Spatial localization data
%%

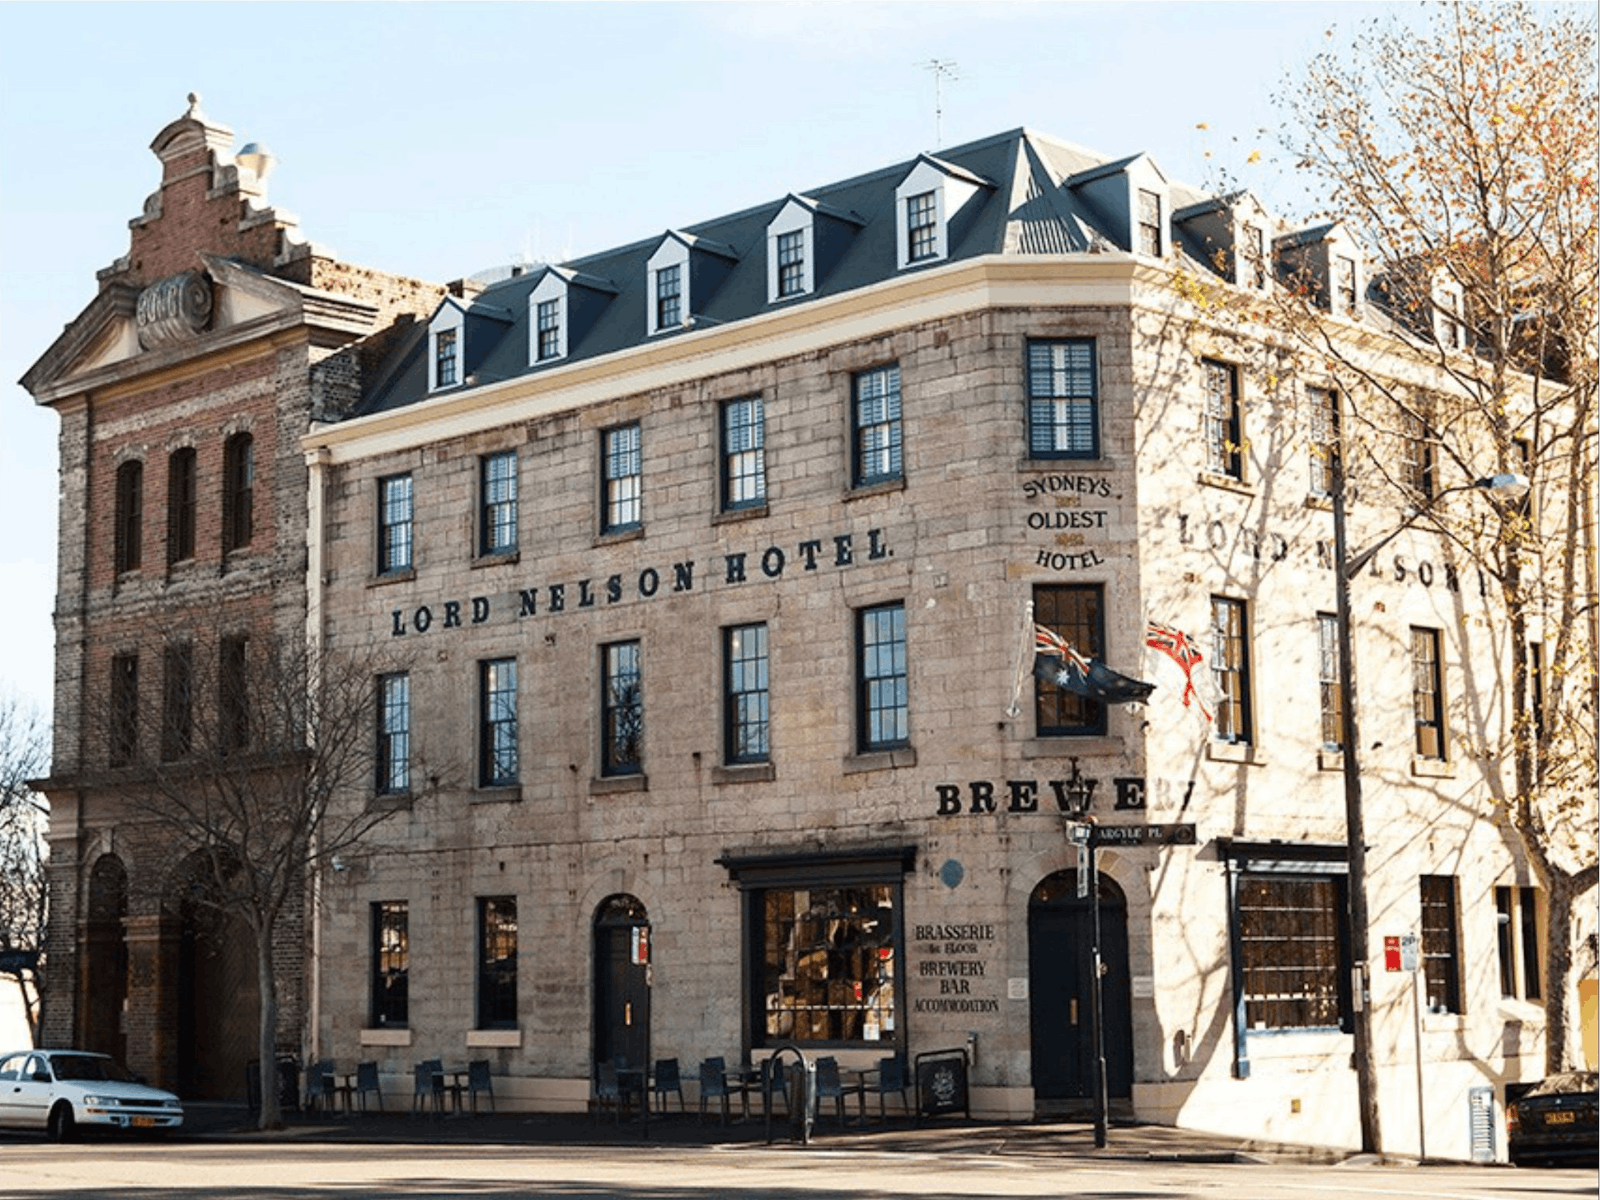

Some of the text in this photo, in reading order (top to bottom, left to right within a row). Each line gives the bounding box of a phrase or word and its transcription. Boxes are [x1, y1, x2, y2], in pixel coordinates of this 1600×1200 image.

[1022, 474, 1112, 499] SYDNEY'S
[1027, 510, 1108, 530] OLDEST
[1035, 549, 1105, 571] HOTEL
[1315, 539, 1459, 593] NLSON
[391, 528, 894, 637] LORD NELSON HOTEL.
[1100, 827, 1162, 839] ARGYLE PL
[915, 924, 995, 941] BRASSERIE
[944, 943, 978, 954] FLOOR
[919, 961, 987, 977] BREWERY
[940, 978, 970, 995] BAR
[913, 998, 1000, 1014] ACCOMMODATION
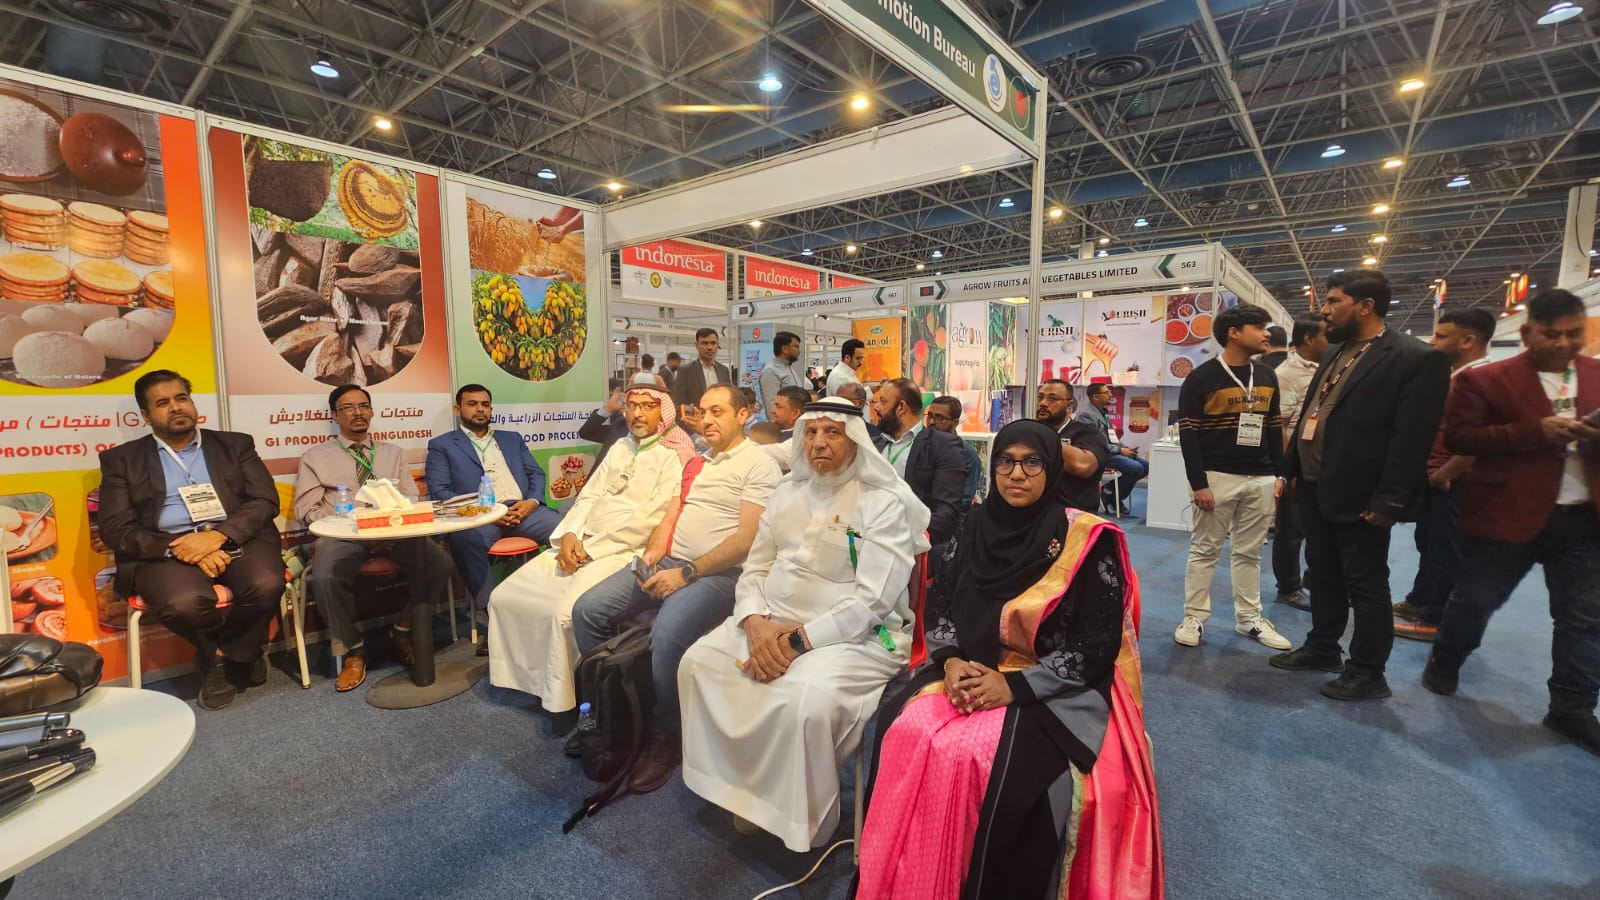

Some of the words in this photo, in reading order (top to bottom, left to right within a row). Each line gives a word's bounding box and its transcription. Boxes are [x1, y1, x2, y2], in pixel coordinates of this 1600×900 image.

[933, 25, 976, 78] Bureau
[634, 246, 714, 273] indonesia
[755, 268, 810, 290] indonesia
[964, 282, 992, 291] AGROW
[993, 278, 1020, 288] FRUITS
[1042, 270, 1097, 284] VEGETABLES
[1099, 266, 1138, 278] LIMITED
[829, 296, 852, 305] LIMITED
[381, 407, 423, 421] منتجات
[40, 415, 111, 432] منتجات
[265, 437, 280, 447] GI
[523, 433, 545, 443] OOD

%%

Your answer should consist only of the lines from the one with "Some of the words" through the end of the data above, reproduced exactly.

Some of the words in this photo, in reading order (top to bottom, left to right within a row). Each line gives a word's bounding box and its transcription. Boxes are [x1, y1, x2, y2], in pixel coordinates of this 1600×900 image.

[933, 25, 976, 78] Bureau
[634, 246, 714, 273] indonesia
[755, 268, 810, 290] indonesia
[964, 282, 992, 291] AGROW
[993, 278, 1020, 288] FRUITS
[1042, 270, 1097, 284] VEGETABLES
[1099, 266, 1138, 278] LIMITED
[829, 296, 852, 305] LIMITED
[381, 407, 423, 421] منتجات
[40, 415, 111, 432] منتجات
[265, 437, 280, 447] GI
[523, 433, 545, 443] OOD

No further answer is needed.